Author: Communications

Posted on Jan 5, 2010

Category: UNB Fredericton

Robert Knight Barney, a world-renowned Olympic historian will speak at the University of New Brunswick in Fredericton on Thursday, Jan. 14, at 7 p.m., at the Wu Conference Centre.

Dr. Barney's talk is titled Mountains Moved, Men of Substance, Memories: The Cornerstone of Canada's Olympic Experience.

In his talk, Dr. Barney will discuss how up until now little has been done to investigate the history of the Olympics. Through an investigation of family scrapbooks, memorabilia, photograph albums, and newspaper accounts, slowly but surely an image of Canada's first Olympic team endeavor has now become much clearer-and just in time for Vancouver.

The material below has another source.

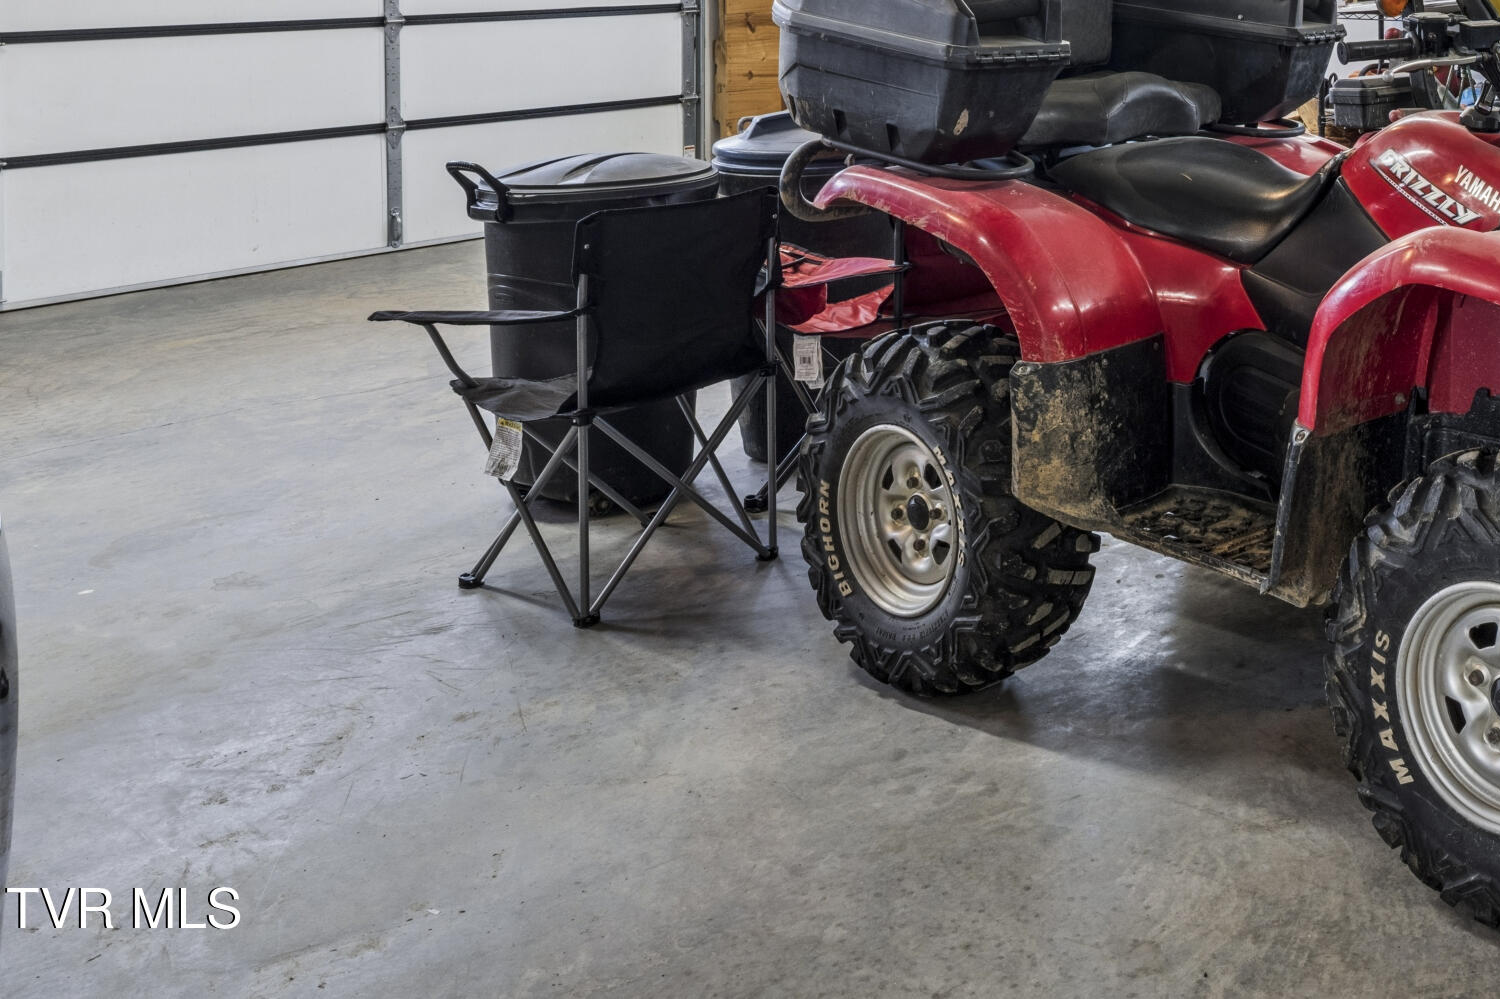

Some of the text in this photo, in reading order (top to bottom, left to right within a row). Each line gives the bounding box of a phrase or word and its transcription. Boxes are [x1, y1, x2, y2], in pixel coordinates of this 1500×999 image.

[1378, 148, 1484, 226] GRIZZLY
[818, 479, 853, 598] BIGHORN
[933, 445, 967, 567] MAXXIS
[1370, 629, 1415, 786] MAXXIS

Dr. Barney is an American citizen who lived and worked in Canada for 37 years. During his studies at the University of New Mexico, he was a three-sport intercollegiate athlete (football, baseball and swimming). He subsequently was a collegiate swimming coach, director of athletics and professor of kinesiology.

He has published some 250 pieces on sport history. His best known work is the seminal study of Olympic Commercialism, the 2003 award-winning book, Selling the Five Rings: The International Olympic Committee and the Rise of the Olympic Commercialism (with Stephen Wenn and Scott Martyn).

Dr. Barney served as president of the North American Society for Sport History, was an executive council member for the International Society of the Olympic History and was director of the International Centre for Olympic Studies at the University of Western Ontario.

In February 2010, coincident to the celebration of the Vancouver Olympic Winter Games, he will receive the International Society of Olympic History's highest award, the Pierre de Coubertin Award, for lifetime scholarship and achievements in the advancement of knowledge of the Modern Olympic Movement.